もしかすると偵察も兼ねているのかも?残念ながらブートキャンプ経験者は恐怖で訓練内容は口にすることはないがな。
無理に引き出そうとしても自己防衛で記憶の混乱が起こり、まともな証言など取れない……そもそもブートキャンプはマリオンちゃんズしか行うことができないから徒労になるだけだが。
「他に報酬に釣られた方50人ほど確保できました」
欲に目を眩ますとろくなことにならないという勉強になることだろう。一生を持って、ね。
「最近死神の陽炎内からの参加者がいませんから助かりました」
「そりゃあ、ヤクザやマフィア顔負けの悪共が規律正しい兵士に生まれ変われば不審がるってもんだ」
普通の人間は普通のままなんだが、どうも属性:悪の人間は属性:従順に書き換えられるっぽい。

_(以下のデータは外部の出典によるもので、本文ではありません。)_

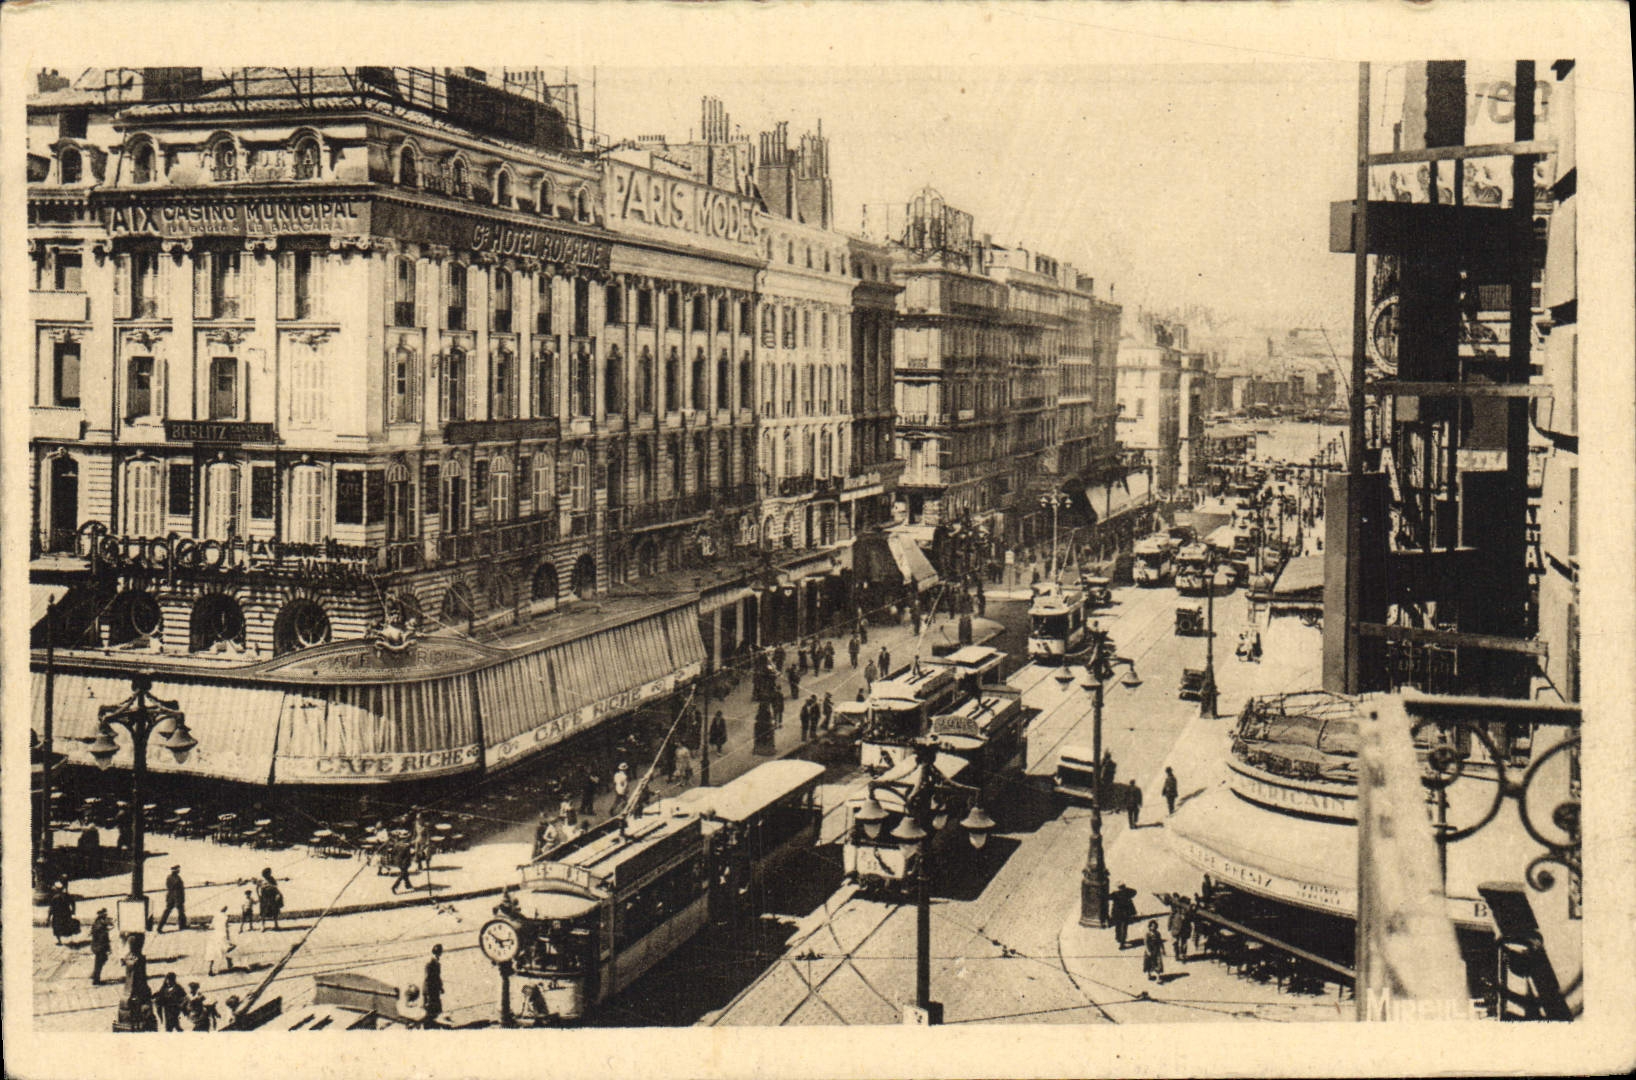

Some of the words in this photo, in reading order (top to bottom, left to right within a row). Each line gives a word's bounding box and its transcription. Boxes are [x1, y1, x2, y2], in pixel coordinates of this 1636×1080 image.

[111, 205, 160, 233] AIX
[161, 203, 237, 222] CASINO
[244, 200, 358, 220] MUNICIPAL
[271, 223, 344, 233] BACCARA
[172, 424, 227, 439] BERLITZ
[316, 652, 369, 673] CAFE
[534, 711, 584, 742] CAFE
[592, 686, 642, 716] RICHE
[316, 756, 393, 774] CAFE
[400, 748, 464, 772] RICHE

巷ではナンバーズファンクラブと呼ばれているが、実際はそんな可愛いものではないのだが、一般人にはわかるわけがない。
「フラナガン機関の様子はどうだ」
「簡単な視察はしましたが、やはり実験内容が内容なだけに不安があります。囚人などを提供することで抑制されるとは思いますが」
本来この手の調べ物(企業に対して)はアイナにやらせるんだけど、現在アイナはキシリア達の監視兼調整役を任せている。
そういえばサイド5のとりあえずの統治者が必要だろうか?マリオンズは防諜や治安維持に忙しいから余裕がない……誰か見繕うか。
「こちらがクローン兵のデータになります」
ふーん……スペックが安定ではないけどファンネルが動かせるだけのニュータイプが作れるのは凄いな。

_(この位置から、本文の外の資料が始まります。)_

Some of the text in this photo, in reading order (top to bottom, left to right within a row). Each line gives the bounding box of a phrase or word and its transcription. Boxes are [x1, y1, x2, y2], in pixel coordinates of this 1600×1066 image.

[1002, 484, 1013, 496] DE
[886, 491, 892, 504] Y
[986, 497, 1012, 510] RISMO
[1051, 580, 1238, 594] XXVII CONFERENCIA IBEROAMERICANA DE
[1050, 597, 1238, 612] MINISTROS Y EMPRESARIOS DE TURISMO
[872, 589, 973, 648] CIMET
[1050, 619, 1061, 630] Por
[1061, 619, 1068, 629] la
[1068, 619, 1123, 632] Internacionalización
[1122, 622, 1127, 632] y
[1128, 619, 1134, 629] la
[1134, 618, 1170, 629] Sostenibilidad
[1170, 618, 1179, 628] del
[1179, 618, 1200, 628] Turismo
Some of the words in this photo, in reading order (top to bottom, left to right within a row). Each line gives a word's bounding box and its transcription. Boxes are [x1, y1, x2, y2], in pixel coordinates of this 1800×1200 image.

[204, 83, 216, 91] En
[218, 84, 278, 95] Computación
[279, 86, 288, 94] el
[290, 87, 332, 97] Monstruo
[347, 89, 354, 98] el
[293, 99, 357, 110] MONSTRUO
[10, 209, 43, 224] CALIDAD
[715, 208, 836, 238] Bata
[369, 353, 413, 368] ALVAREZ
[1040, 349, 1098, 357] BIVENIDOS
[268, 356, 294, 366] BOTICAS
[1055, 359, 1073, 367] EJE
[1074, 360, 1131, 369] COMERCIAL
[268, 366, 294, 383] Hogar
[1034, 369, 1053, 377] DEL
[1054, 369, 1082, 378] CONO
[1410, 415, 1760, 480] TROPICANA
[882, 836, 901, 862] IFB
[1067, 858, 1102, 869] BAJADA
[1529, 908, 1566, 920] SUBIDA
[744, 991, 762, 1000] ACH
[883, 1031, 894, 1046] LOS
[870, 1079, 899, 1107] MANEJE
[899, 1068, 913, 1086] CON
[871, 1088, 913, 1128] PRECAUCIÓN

でもコスト的に強化人間を作る方が安いのか、んー……微妙。
宗教とか道徳とかに真っ向から喧嘩売ることになるからあまり気が進まないが生産はともかく研究は続けさせるか、肉体の欠損を補うことも可能になるかもしれないし。
「医療分野としての研究もするように通達しておけ、四肢の欠損が補えるぐらいにできるなら研究費は思いのままとも言っておくように」
「わかりました」
もう少し安価にクローン兵ができるなら生産させるんだけどな。